*Task description:* The required output is the exact sequence of lines from the line holding "Some of the text" to the end of the records, inclusive.

*Data extract:*
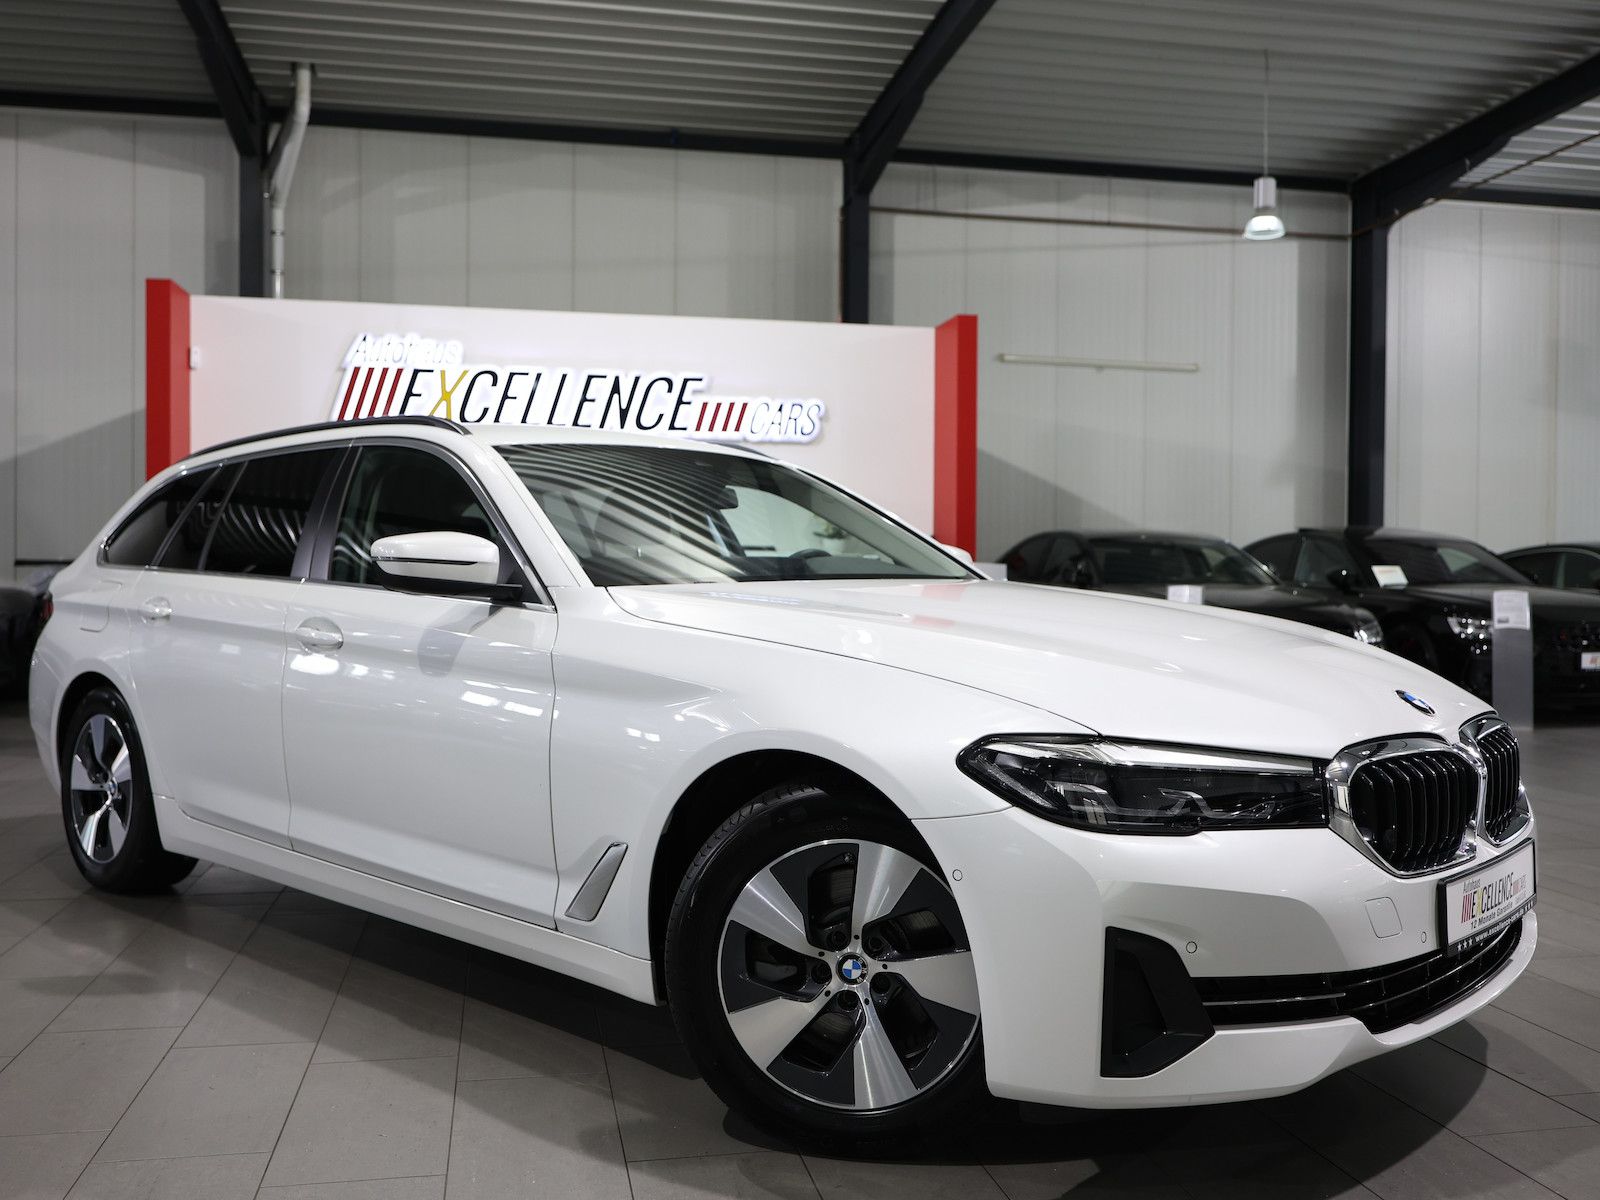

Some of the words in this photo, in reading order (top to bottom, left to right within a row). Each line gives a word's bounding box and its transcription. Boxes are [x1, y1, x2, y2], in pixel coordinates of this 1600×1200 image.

[398, 369, 704, 432] EXCELLENCE
[750, 401, 821, 437] CARS
[1471, 872, 1514, 918] EXCELLENCE
[1471, 920, 1477, 929] 12
[1478, 912, 1496, 926] Monate
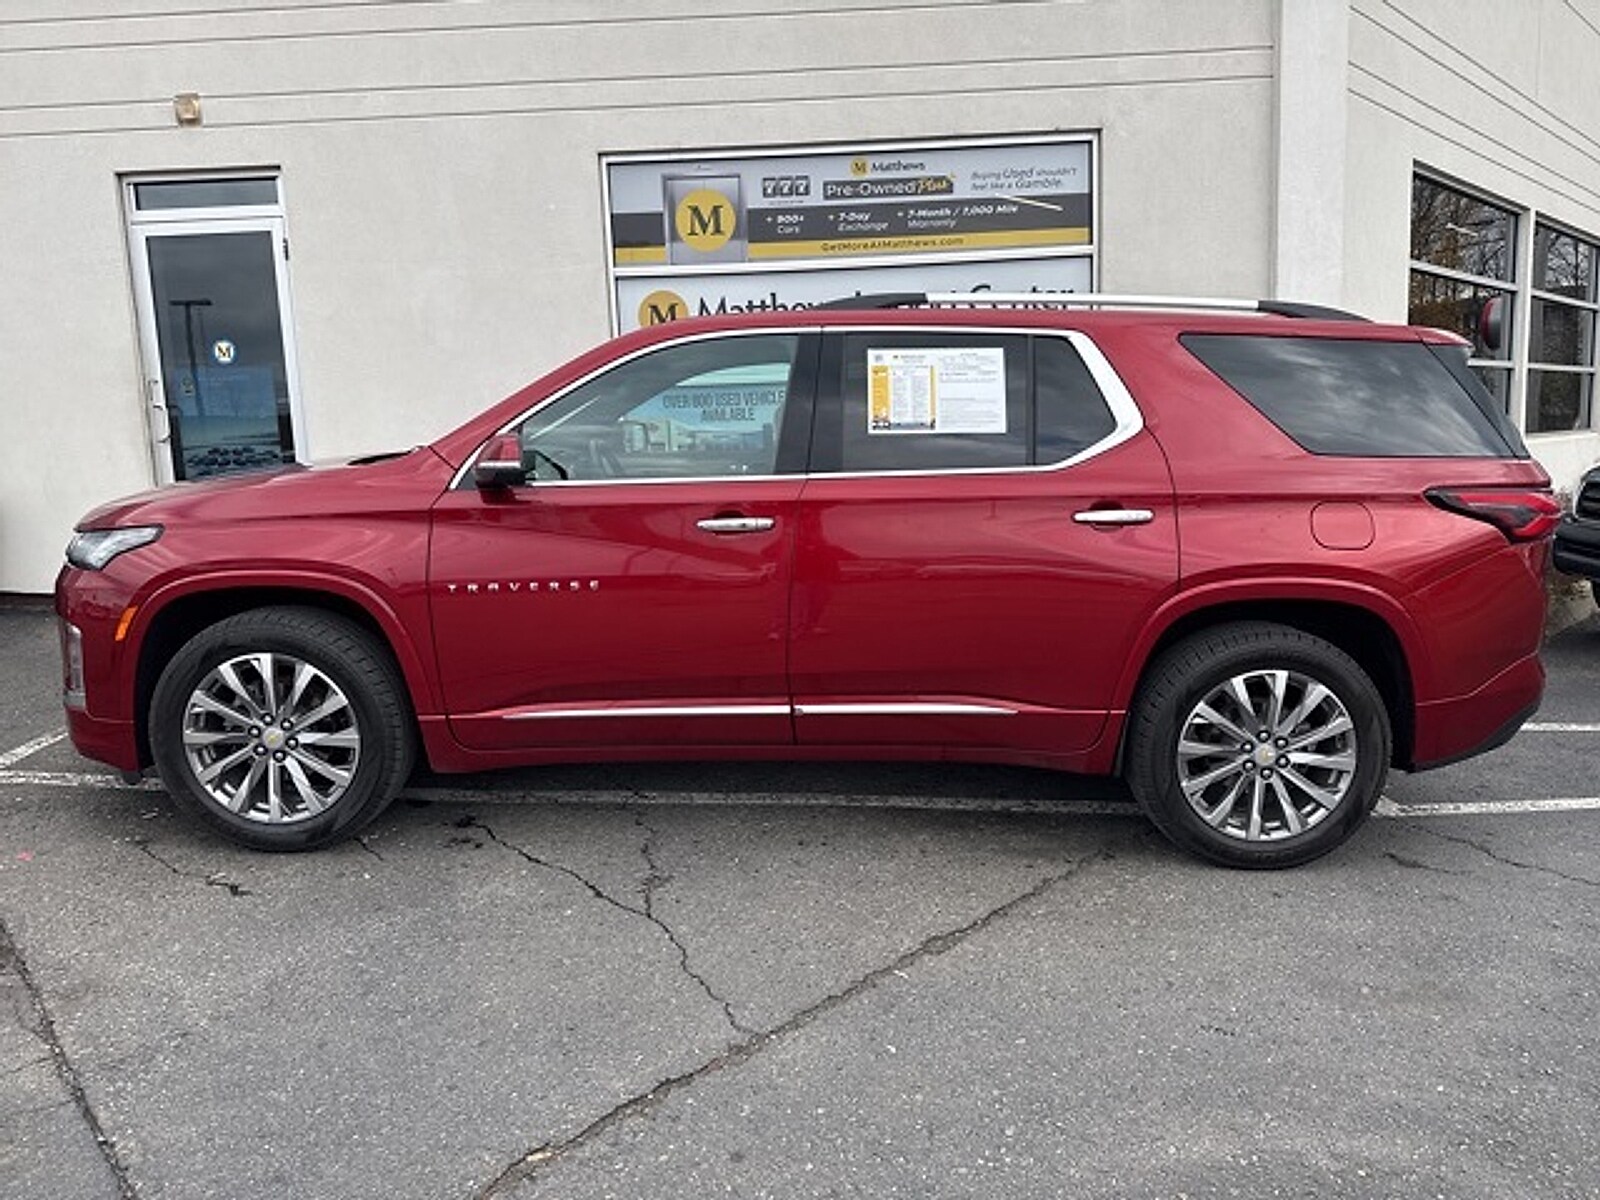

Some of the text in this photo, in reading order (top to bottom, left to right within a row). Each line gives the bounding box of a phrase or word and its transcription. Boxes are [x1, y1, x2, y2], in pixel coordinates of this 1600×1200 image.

[871, 161, 926, 172] Matthews
[827, 179, 916, 196] Pre-Owned
[687, 205, 725, 236] M
[838, 221, 889, 232] Exchange
[648, 303, 679, 326] M
[217, 345, 231, 358] M
[447, 579, 600, 593] TRAVERSE

*Problem solution:*
Some of the text in this photo, in reading order (top to bottom, left to right within a row). Each line gives the bounding box of a phrase or word and its transcription. Boxes are [x1, y1, x2, y2], in pixel coordinates of this 1600×1200 image.

[871, 161, 926, 172] Matthews
[827, 179, 916, 196] Pre-Owned
[687, 205, 725, 236] M
[838, 221, 889, 232] Exchange
[648, 303, 679, 326] M
[217, 345, 231, 358] M
[447, 579, 600, 593] TRAVERSE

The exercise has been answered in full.